(Beginning of Records to process)
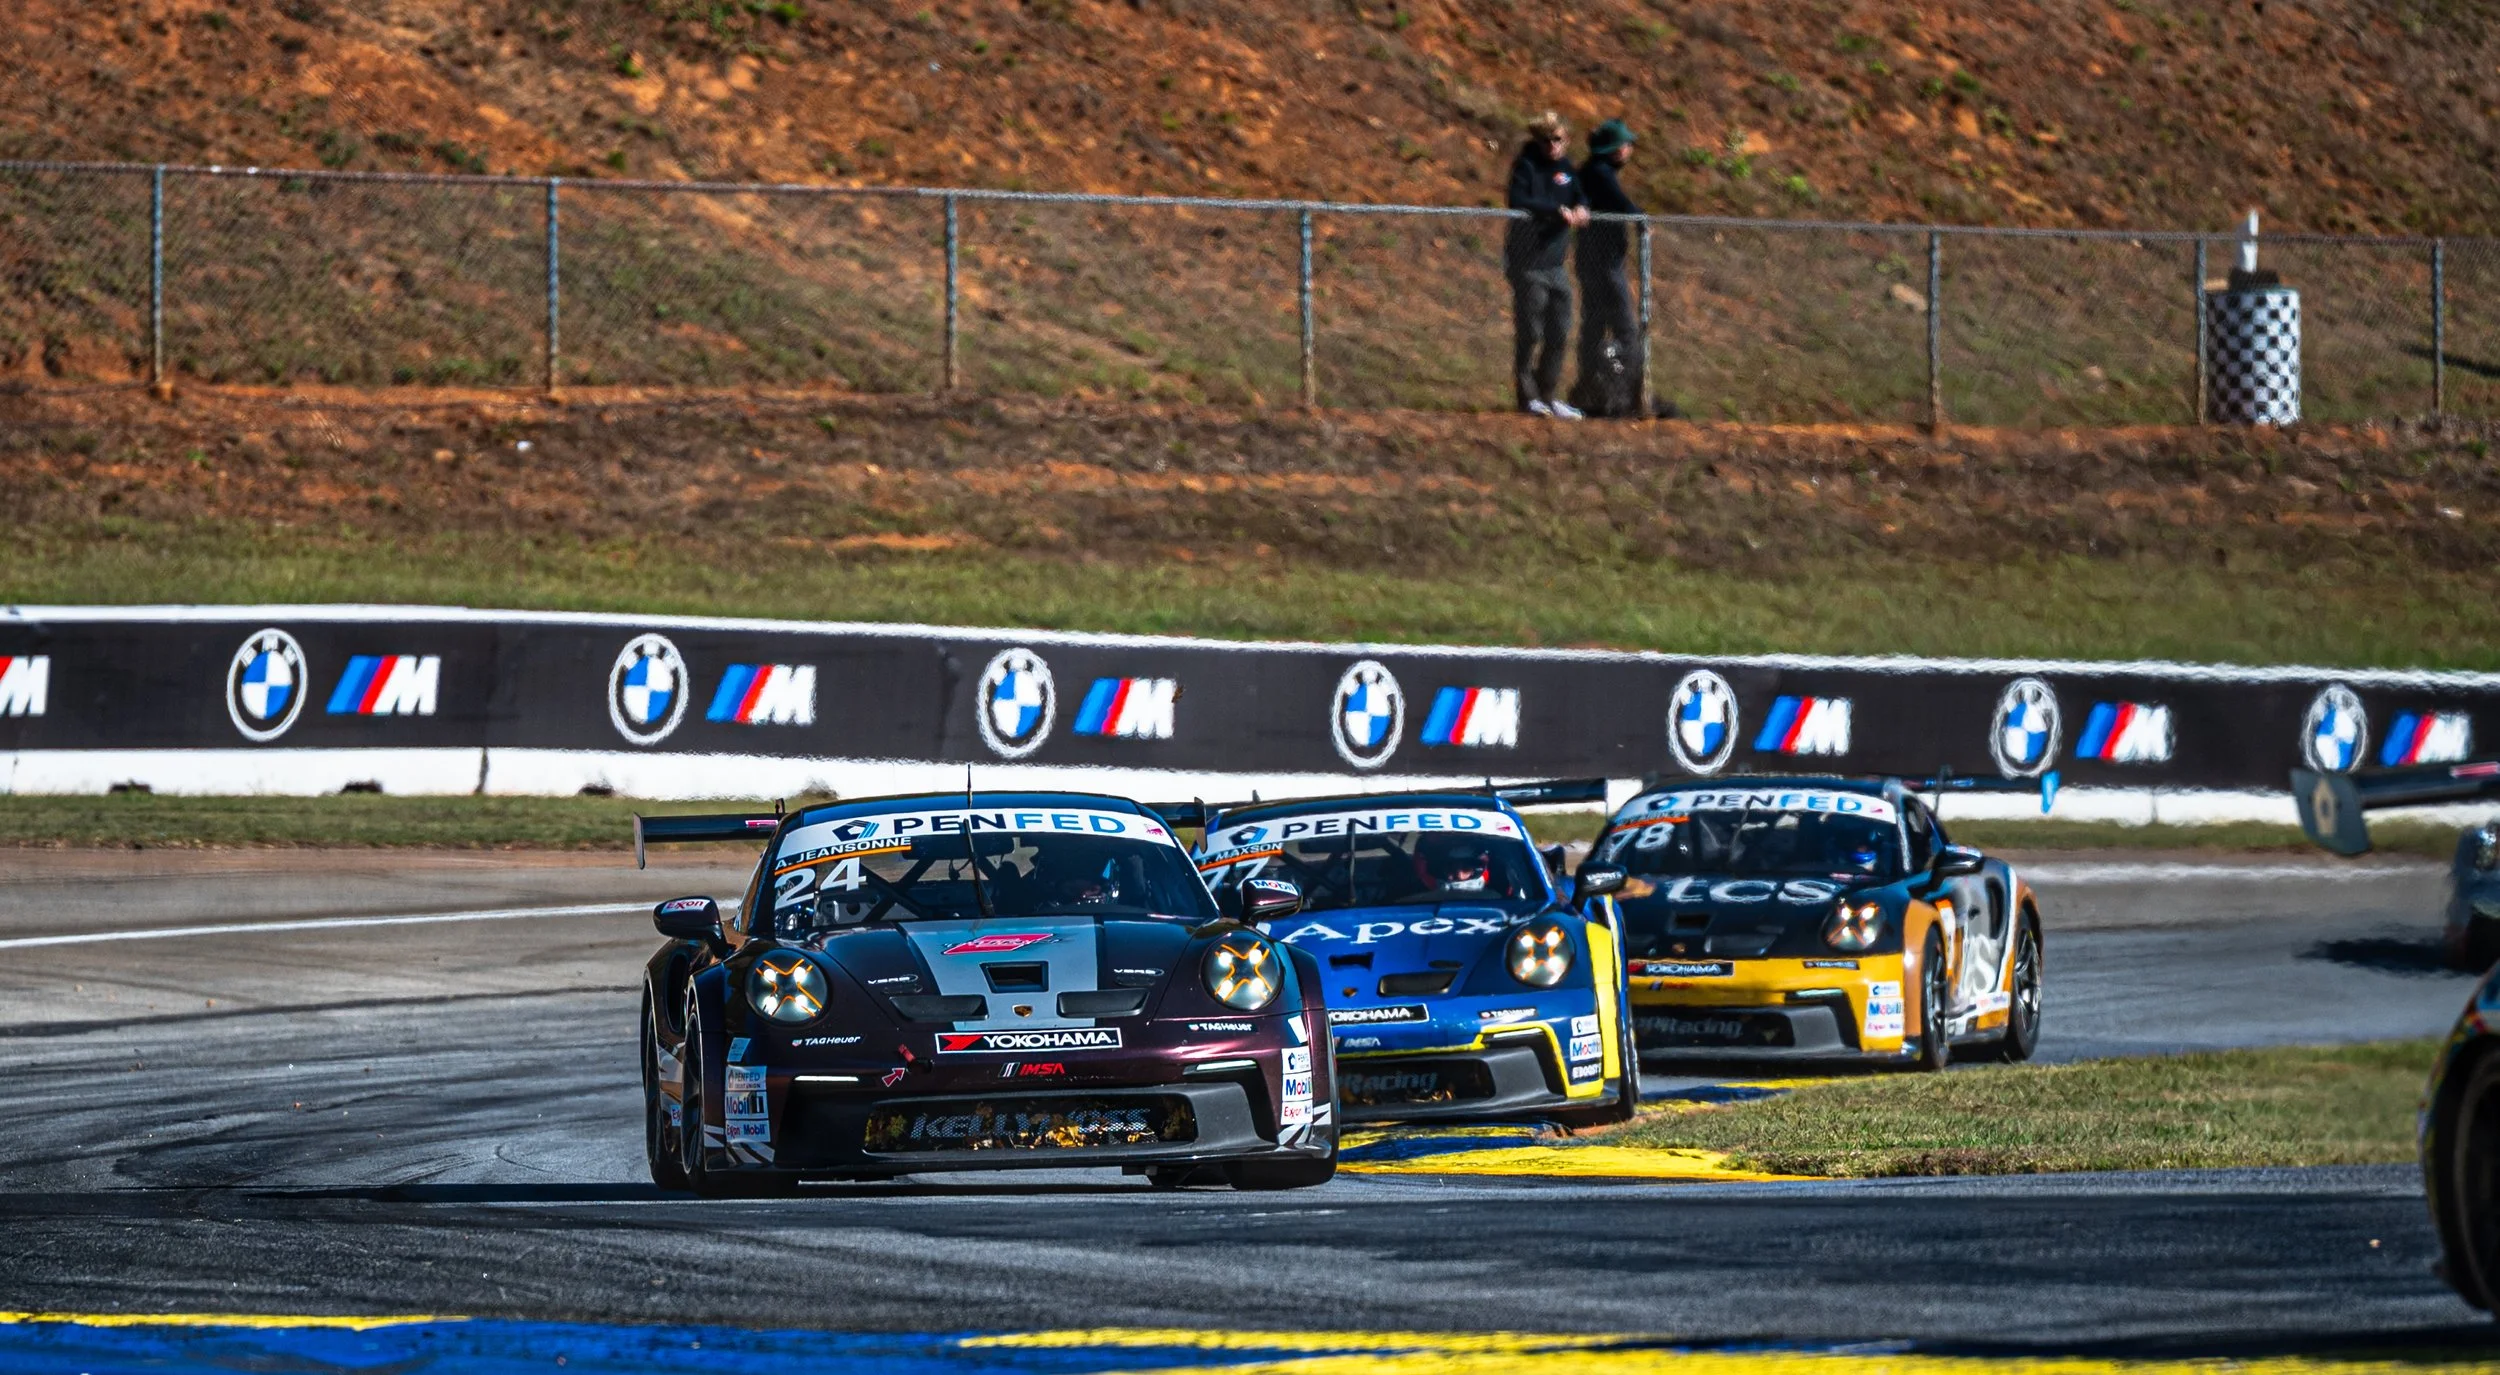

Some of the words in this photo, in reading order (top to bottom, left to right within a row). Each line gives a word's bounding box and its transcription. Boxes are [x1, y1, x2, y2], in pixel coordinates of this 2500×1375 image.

[374, 656, 440, 714] M
[749, 665, 816, 725] M
[1117, 678, 1176, 739] M
[1463, 688, 1520, 748] M
[1796, 698, 1851, 755] M
[1691, 793, 1863, 812] PENFED
[893, 812, 1126, 835] PENFED
[1281, 813, 1482, 839] PENFED
[796, 836, 912, 863] JEANSONNE
[1216, 842, 1284, 862] MAXSON
[1607, 821, 1675, 864] 78
[774, 856, 867, 911] 24
[1253, 880, 1295, 893] Mobil
[1666, 876, 1837, 904] tcs
[666, 901, 704, 910] Exxon
[1280, 917, 1503, 945] Apex
[1646, 963, 1721, 975] YOKOHAMA
[983, 1031, 1112, 1049] YOKOHAMA
[1019, 1062, 1066, 1077] IMSA
[726, 1095, 750, 1115] Mobil
[743, 1123, 766, 1135] Mobil
(End of Records to process)
(Exercise)
Pictures aside, print every line of the material exactly.

(Finished task)
Some of the words in this photo, in reading order (top to bottom, left to right within a row). Each line gives a word's bounding box and its transcription. Boxes are [x1, y1, x2, y2], in pixel coordinates of this 2500×1375 image.

[374, 656, 440, 714] M
[749, 665, 816, 725] M
[1117, 678, 1176, 739] M
[1463, 688, 1520, 748] M
[1796, 698, 1851, 755] M
[1691, 793, 1863, 812] PENFED
[893, 812, 1126, 835] PENFED
[1281, 813, 1482, 839] PENFED
[796, 836, 912, 863] JEANSONNE
[1216, 842, 1284, 862] MAXSON
[1607, 821, 1675, 864] 78
[774, 856, 867, 911] 24
[1253, 880, 1295, 893] Mobil
[1666, 876, 1837, 904] tcs
[666, 901, 704, 910] Exxon
[1280, 917, 1503, 945] Apex
[1646, 963, 1721, 975] YOKOHAMA
[983, 1031, 1112, 1049] YOKOHAMA
[1019, 1062, 1066, 1077] IMSA
[726, 1095, 750, 1115] Mobil
[743, 1123, 766, 1135] Mobil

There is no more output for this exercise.